Far and away the greatest weakness in this game is the enemy AI, and it unfortunately detracts from just about the entire gaming experience. Guards walk a fixed patrol route, pausing each lap to stare at the walls, giving you plenty of opportunity to kill them. If you do something to distract them from their route, like kill their coworkers, they’ll give a very modest chase, give up very quickly, and go right back to their patrol (with their partner’s body gradually cooling on the ground nearby). If you kill one guard, the next guard to come along will kneel by the body to give you and opportunity to kill that one in the same spot. I’ve actually piled up eight guards in that fashion.

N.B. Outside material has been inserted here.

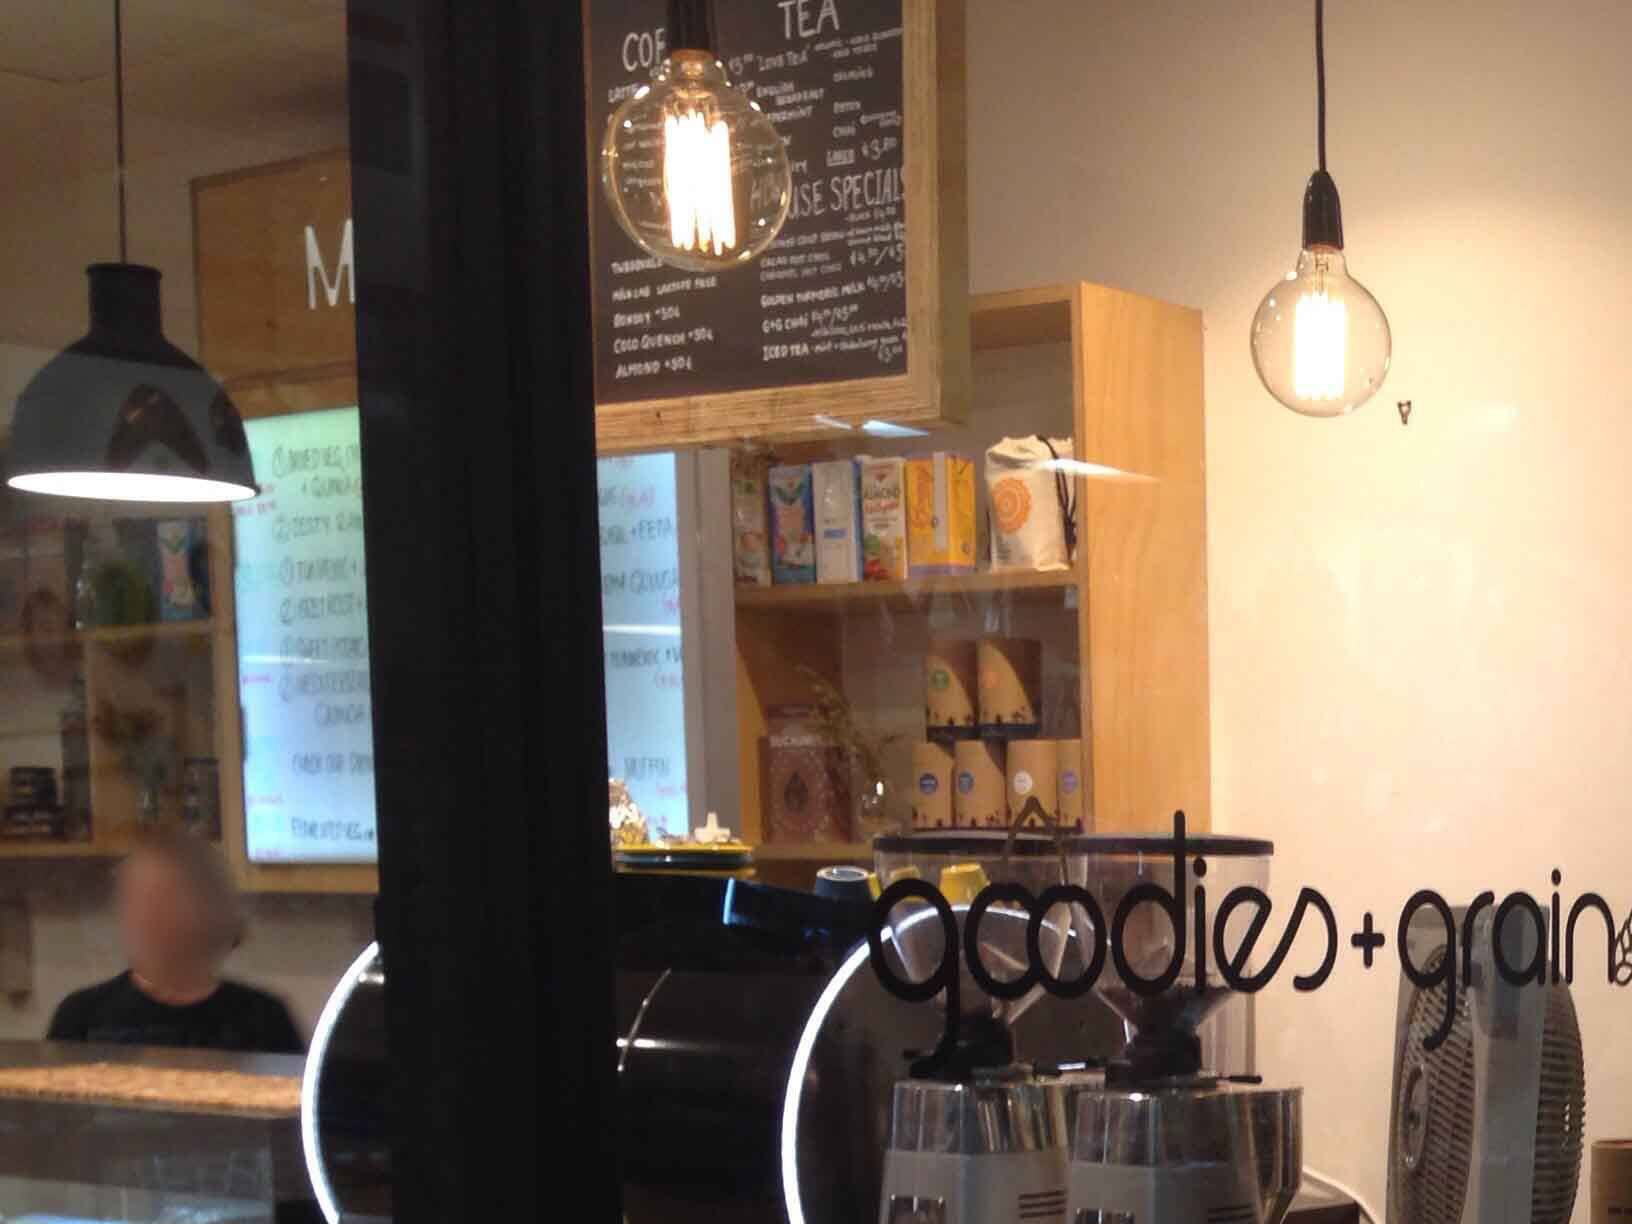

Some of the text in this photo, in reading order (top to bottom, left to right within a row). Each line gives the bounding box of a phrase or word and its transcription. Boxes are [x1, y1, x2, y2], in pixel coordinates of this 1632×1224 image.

[777, 0, 840, 39] TEA
[622, 28, 667, 72] COF
[830, 167, 904, 213] SPECIAL
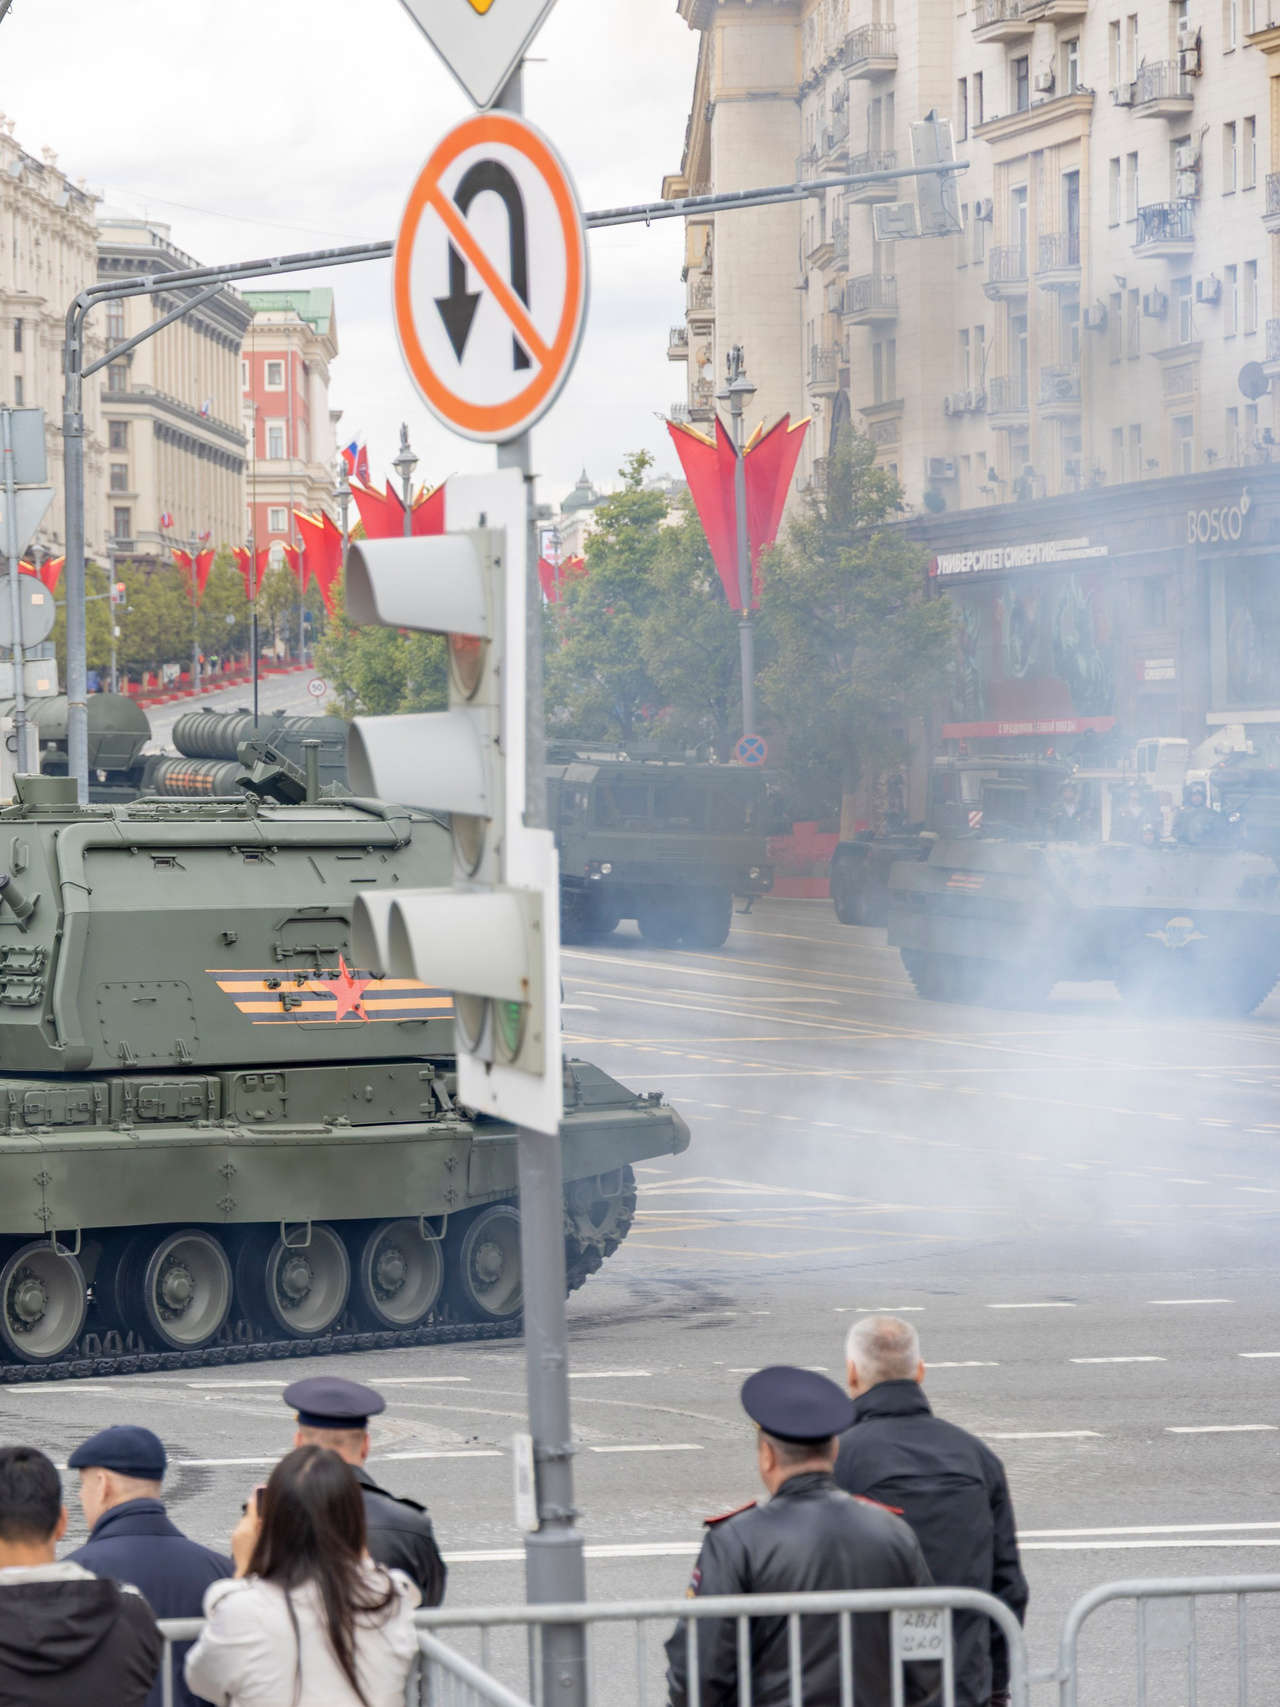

Running a close second on the annoyance scale is that game works on fixed save locations, and their placement is a little uneven. Sometimes you have to work through several complicated rooms filled with guards, and without the ability to save you’re stuck going through pieces of them several times before you get it all right. Other times the save spots are almost right on top of each other, say, just down a few empty lengths of hallway with maybe one guard at the end. The ability to save the game anywhere would have reduced the irritation factor by a factor of ten. It seems like kind of a noob problem to me as many other games (the most recent one that comes to mind is Deadspace) that use the fixed save point system manage to get it right.

There are on the other hand a number of really neat touches to the game mechanics. Glass or debris littered on the floor in some locations makes it impossible to sneak. You can look through keyholes or peepholes to try and see what’s in a room before you open the door. Here’s a fun one: if you sneak up on a guard who has a grenade on his belt you can pull the pin and sneak away. You can whistle to try and draw guards off their routes to kill them (though it doesn’t seem to work very well most of the time because they’re so stupid). You can also don a disguise (a fetish SS frauline) to fool the guards. The usefulness of this trick is kind of mixed, because although you can run around doing many strange things while dressed in disguise, simply getting too close to a guard (even with a closed door between you) will blow your cover – go figure. Finding certain objects strewn around gains you experience, which can be used to improve your characters stats. I wouldn’t call it anything near RPG depth, but it gives you something more during the missions to shoot for. All of that stuff, if the AI was better, would have really been the icing on the cake.

It’s disappointing, really. VA is a great story idea, the narrative of which really succeeds, but the actual gameplay itself is a letdown. And it’s not really as through the entire game fails on all cylinders. The level design is good, the artwork is great, and many of the game mechanics work quite well. It’s the stupid things the guards do, as well as the problem that if you die you have to go back to the last checkpoint which could be quite some distance behind you, that drags everything else down.